### WHAT TO PRODUCE
Give back each line of the data exactly as it reads, minus the pictures.
#### INPUT
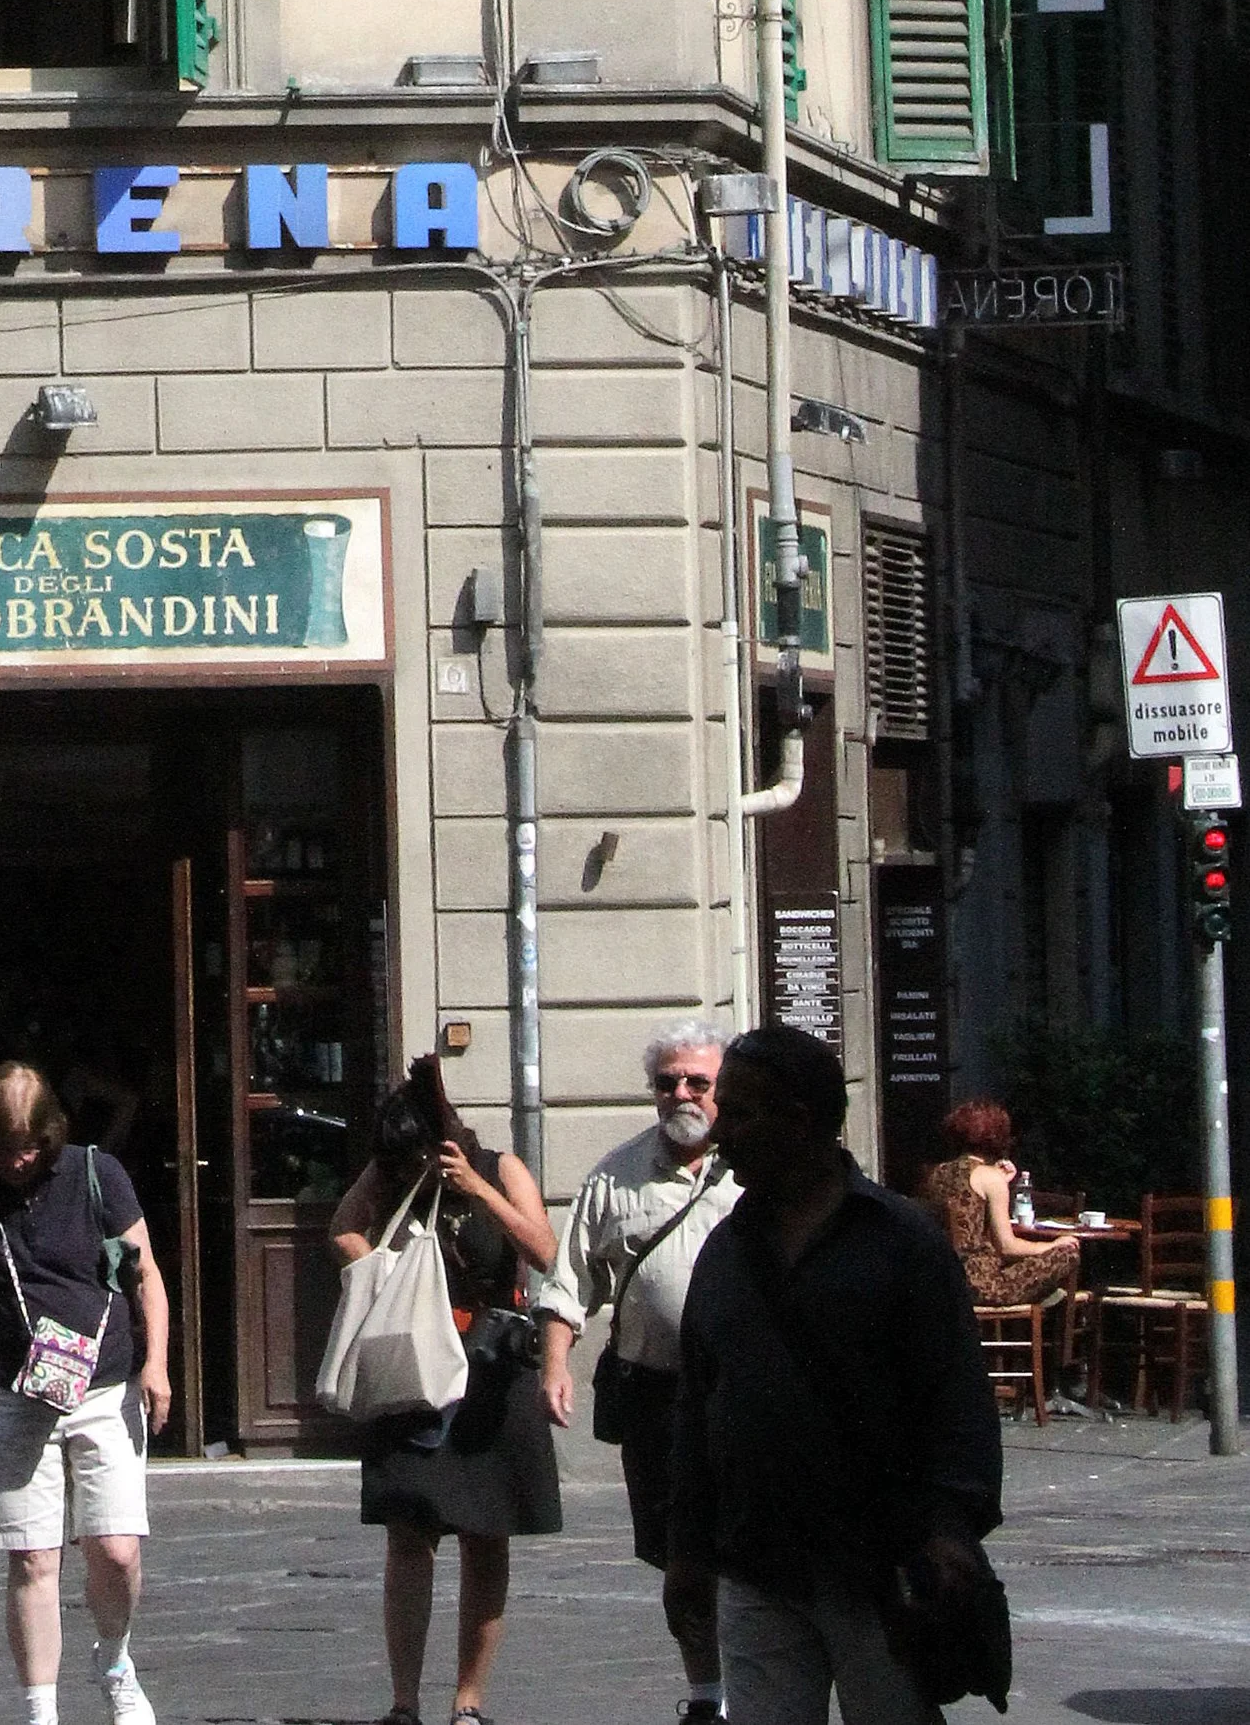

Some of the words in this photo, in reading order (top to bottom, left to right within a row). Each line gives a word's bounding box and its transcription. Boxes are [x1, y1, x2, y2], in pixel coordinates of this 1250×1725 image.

[83, 527, 256, 570] SOSTA
[13, 575, 113, 595] DEGLI
[1134, 702, 1222, 720] dissuasore
[1153, 723, 1208, 743] mobile
[774, 909, 835, 919] SANDWICHES
[779, 925, 831, 934] BOCCACCIO
[781, 942, 830, 950] BOTTICELLI
[792, 999, 822, 1007] DANTE
[781, 1015, 834, 1023] DONATELLO
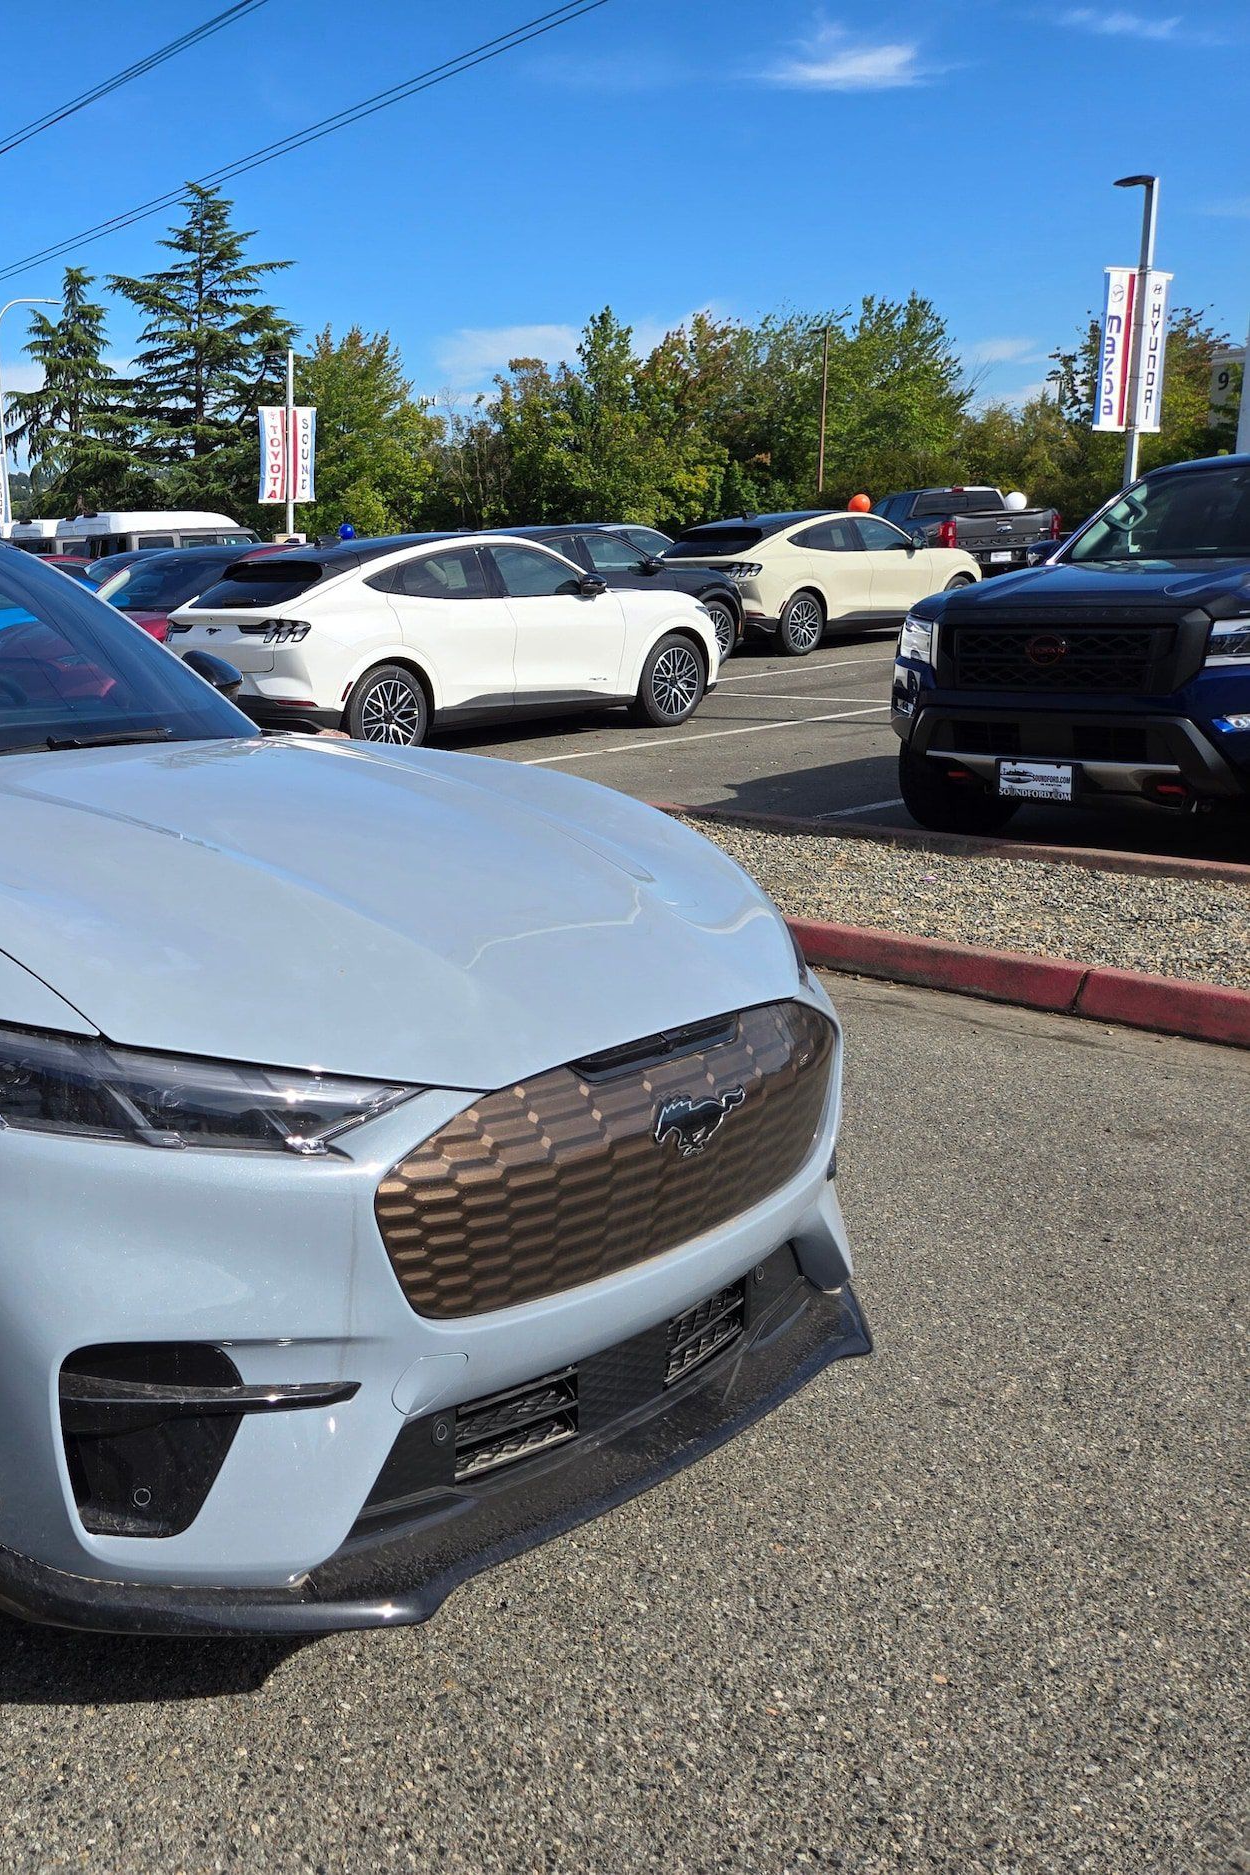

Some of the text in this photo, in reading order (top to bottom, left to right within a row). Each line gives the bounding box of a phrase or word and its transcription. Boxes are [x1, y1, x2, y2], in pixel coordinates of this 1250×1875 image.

[1144, 303, 1161, 420] HYUNDAI
[1217, 371, 1229, 391] 9
[267, 425, 281, 499] TOYOTA
[1032, 774, 1071, 784] SOUNDFORD.COM
[998, 788, 1071, 801] SOUNDFORD.COM
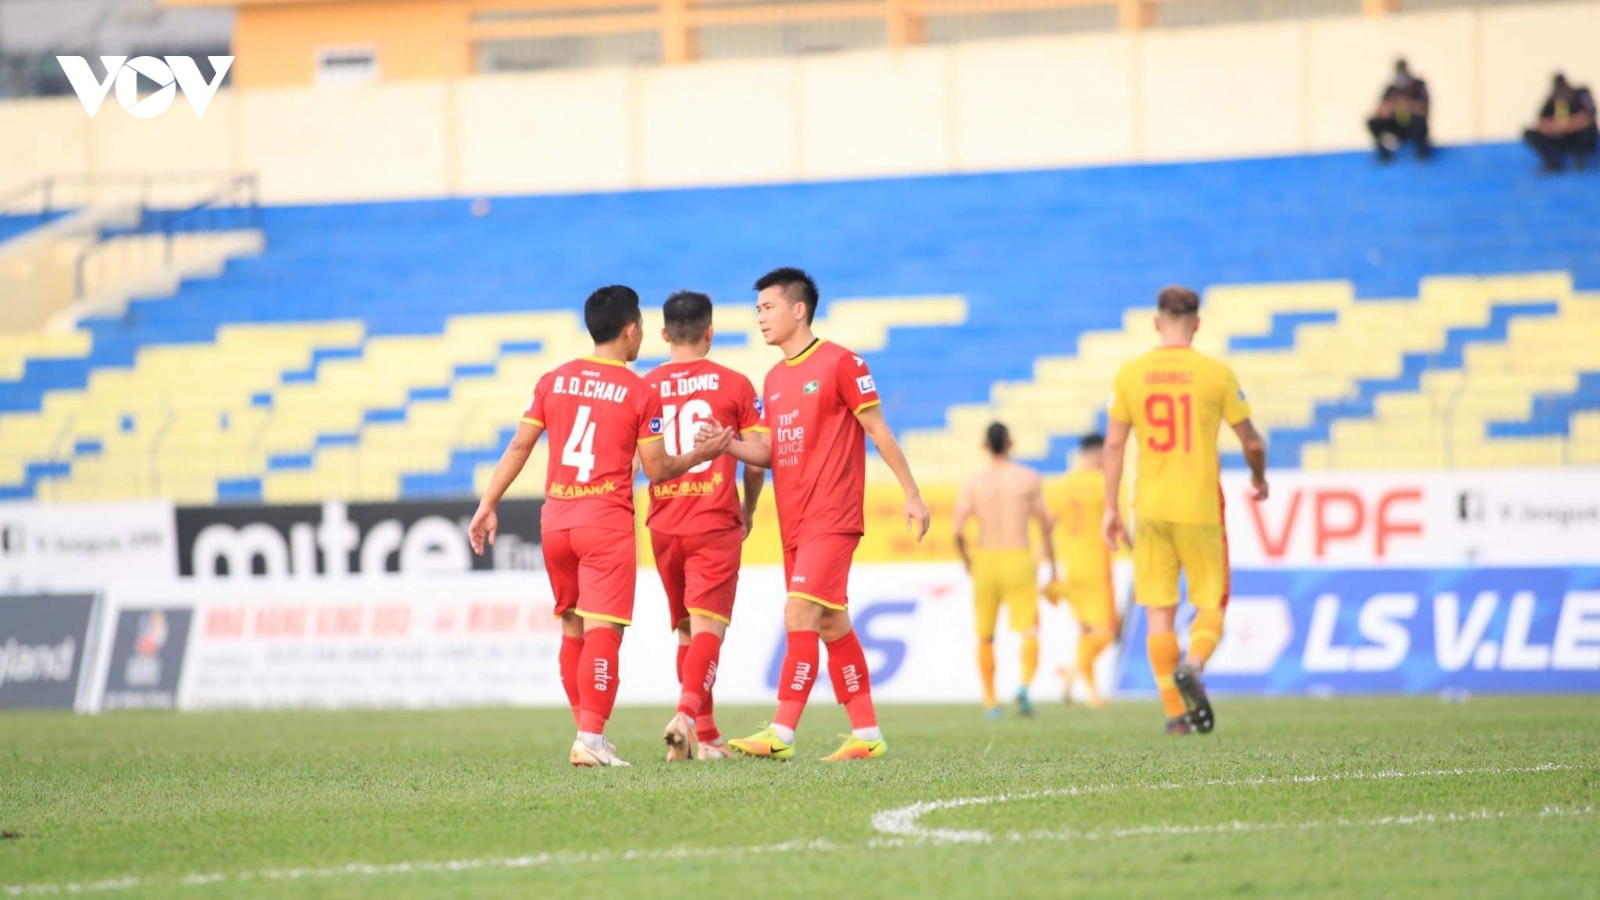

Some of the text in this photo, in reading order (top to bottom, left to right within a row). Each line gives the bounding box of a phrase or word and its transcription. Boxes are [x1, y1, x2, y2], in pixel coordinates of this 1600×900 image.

[860, 379, 874, 392] LS
[662, 399, 713, 474] 16
[777, 426, 804, 442] true
[1145, 394, 1191, 453] 91
[561, 405, 597, 482] 4
[777, 440, 804, 455] JUICE
[779, 455, 798, 467] milk
[192, 500, 473, 576] mitre
[1245, 490, 1423, 559] VPF
[1301, 594, 1418, 673] LS
[594, 658, 612, 691] mitre
[703, 660, 716, 691] mitre
[791, 662, 811, 690] mitre
[842, 664, 862, 692] mitre
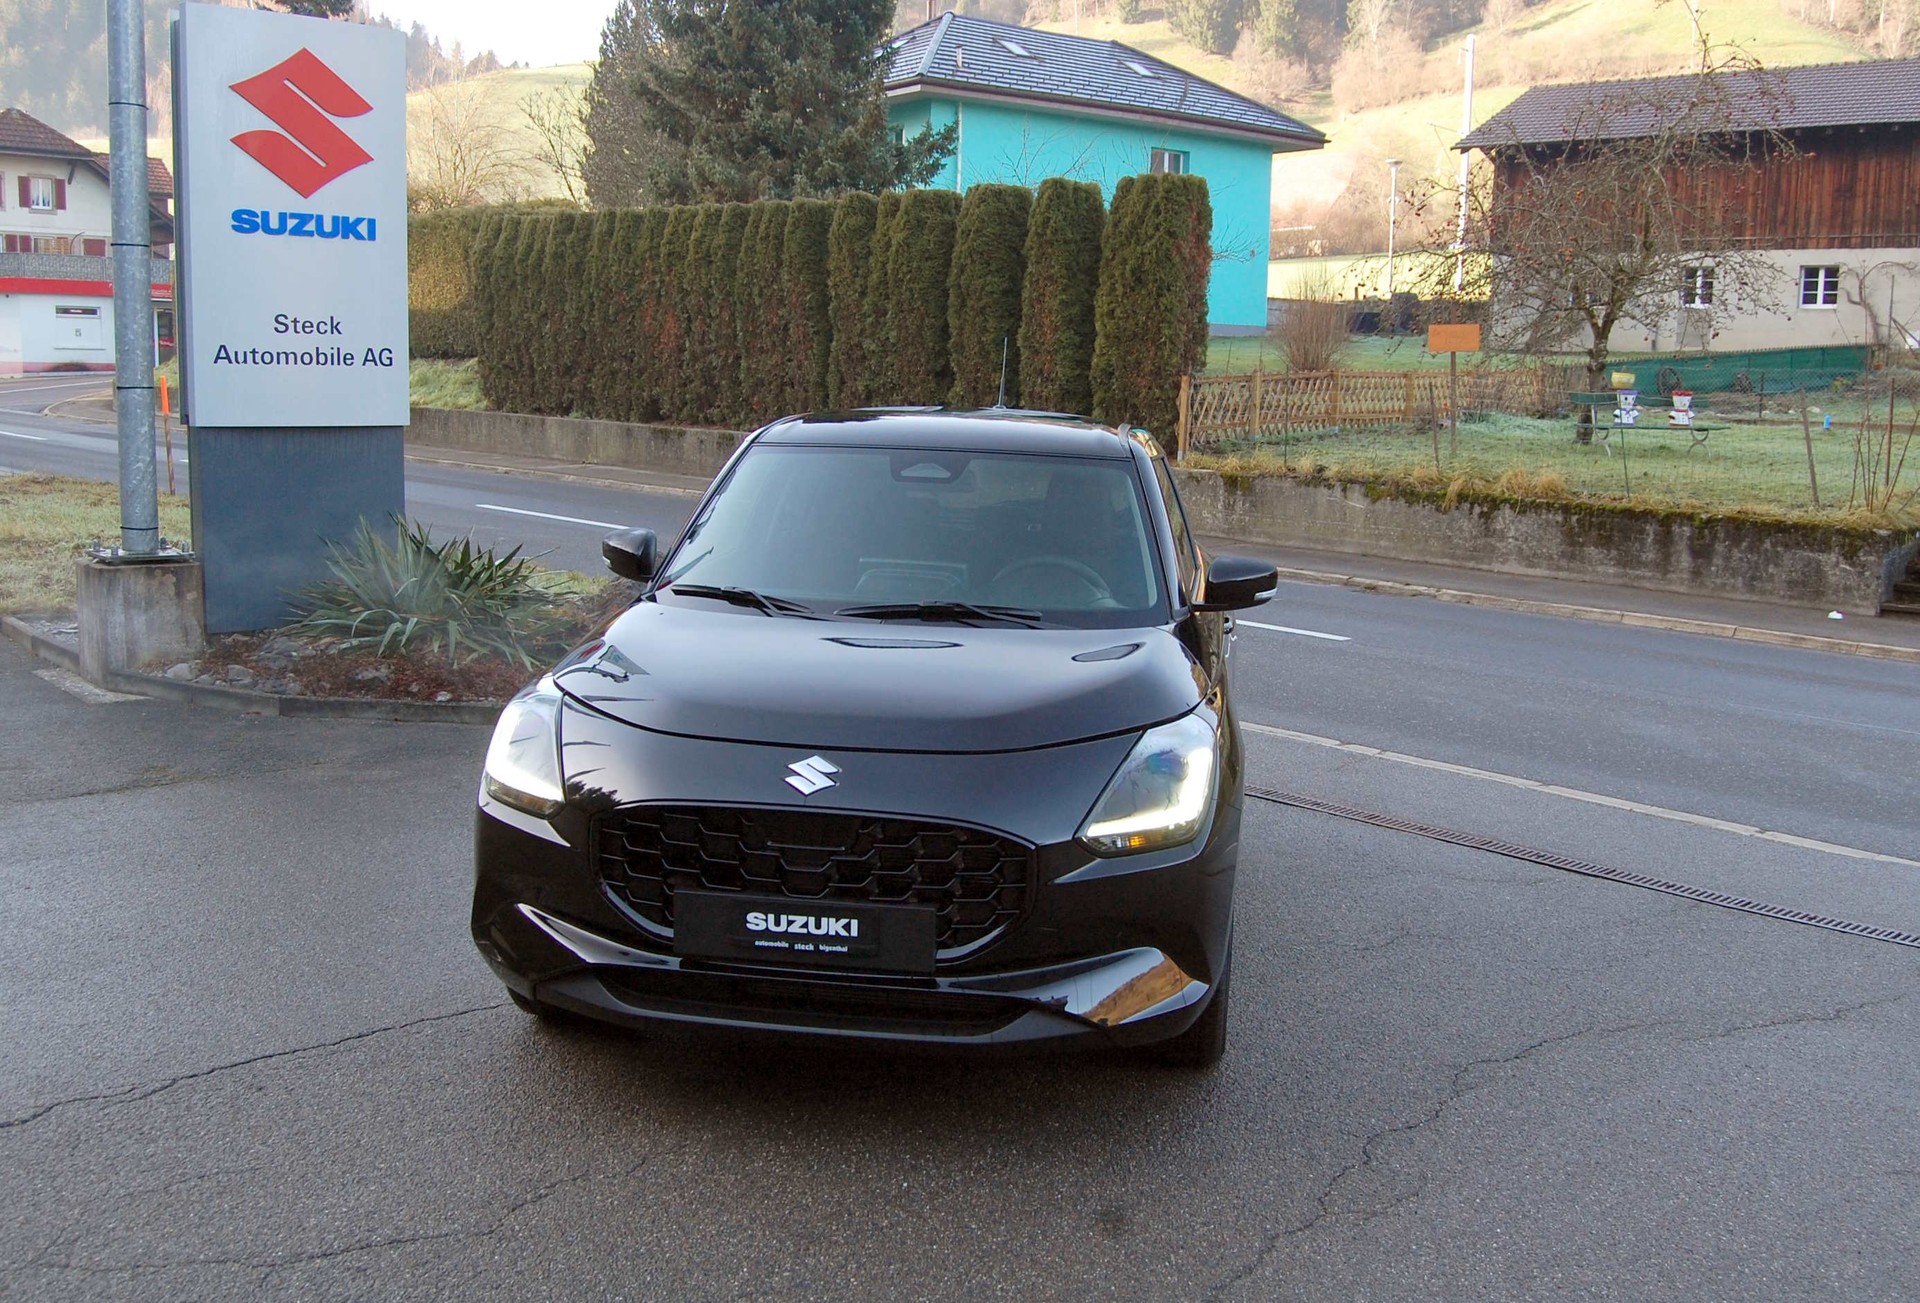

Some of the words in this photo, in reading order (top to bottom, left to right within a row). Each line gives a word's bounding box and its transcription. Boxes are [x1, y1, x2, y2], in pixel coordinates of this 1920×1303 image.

[230, 208, 377, 241] SUZUKI
[273, 313, 343, 335] Steck
[213, 344, 355, 366] Automobile
[362, 347, 393, 367] AG
[746, 912, 858, 937] SUZUKI
[754, 940, 789, 949] automobile
[794, 942, 815, 951] steck
########
### FINISHED EXERCISE
Some of the words in this photo, in reading order (top to bottom, left to right within a row). Each line gives a word's bounding box and its transcription. Boxes are [x1, y1, x2, y2], in pixel coordinates of this 1250×1725 image.

[83, 527, 256, 570] SOSTA
[13, 575, 113, 595] DEGLI
[1134, 702, 1222, 720] dissuasore
[1153, 723, 1208, 743] mobile
[774, 909, 835, 919] SANDWICHES
[779, 925, 831, 934] BOCCACCIO
[781, 942, 830, 950] BOTTICELLI
[792, 999, 822, 1007] DANTE
[781, 1015, 834, 1023] DONATELLO

Some of the text in this photo, in reading order (top to bottom, left to right within a row). Each line gives the bounding box of a phrase or word and its transcription. Boxes are [x1, y1, x2, y2], in pixel coordinates of this 1250×1875 image.

[1144, 303, 1161, 420] HYUNDAI
[1217, 371, 1229, 391] 9
[267, 425, 281, 499] TOYOTA
[1032, 774, 1071, 784] SOUNDFORD.COM
[998, 788, 1071, 801] SOUNDFORD.COM

Some of the text in this photo, in reading order (top to bottom, left to right within a row). Each line gives the bounding box of a phrase or word and its transcription. Boxes are [x1, y1, x2, y2], in pixel coordinates of this 1600×900 image.

[860, 379, 874, 392] LS
[662, 399, 713, 474] 16
[777, 426, 804, 442] true
[1145, 394, 1191, 453] 91
[561, 405, 597, 482] 4
[777, 440, 804, 455] JUICE
[779, 455, 798, 467] milk
[192, 500, 473, 576] mitre
[1245, 490, 1423, 559] VPF
[1301, 594, 1418, 673] LS
[594, 658, 612, 691] mitre
[703, 660, 716, 691] mitre
[791, 662, 811, 690] mitre
[842, 664, 862, 692] mitre

Some of the words in this photo, in reading order (top to bottom, left to right within a row). Each line gives a word's bounding box and its transcription. Boxes are [x1, y1, x2, y2], in pixel coordinates of this 1920×1303 image.

[230, 208, 377, 241] SUZUKI
[273, 313, 343, 335] Steck
[213, 344, 355, 366] Automobile
[362, 347, 393, 367] AG
[746, 912, 858, 937] SUZUKI
[754, 940, 789, 949] automobile
[794, 942, 815, 951] steck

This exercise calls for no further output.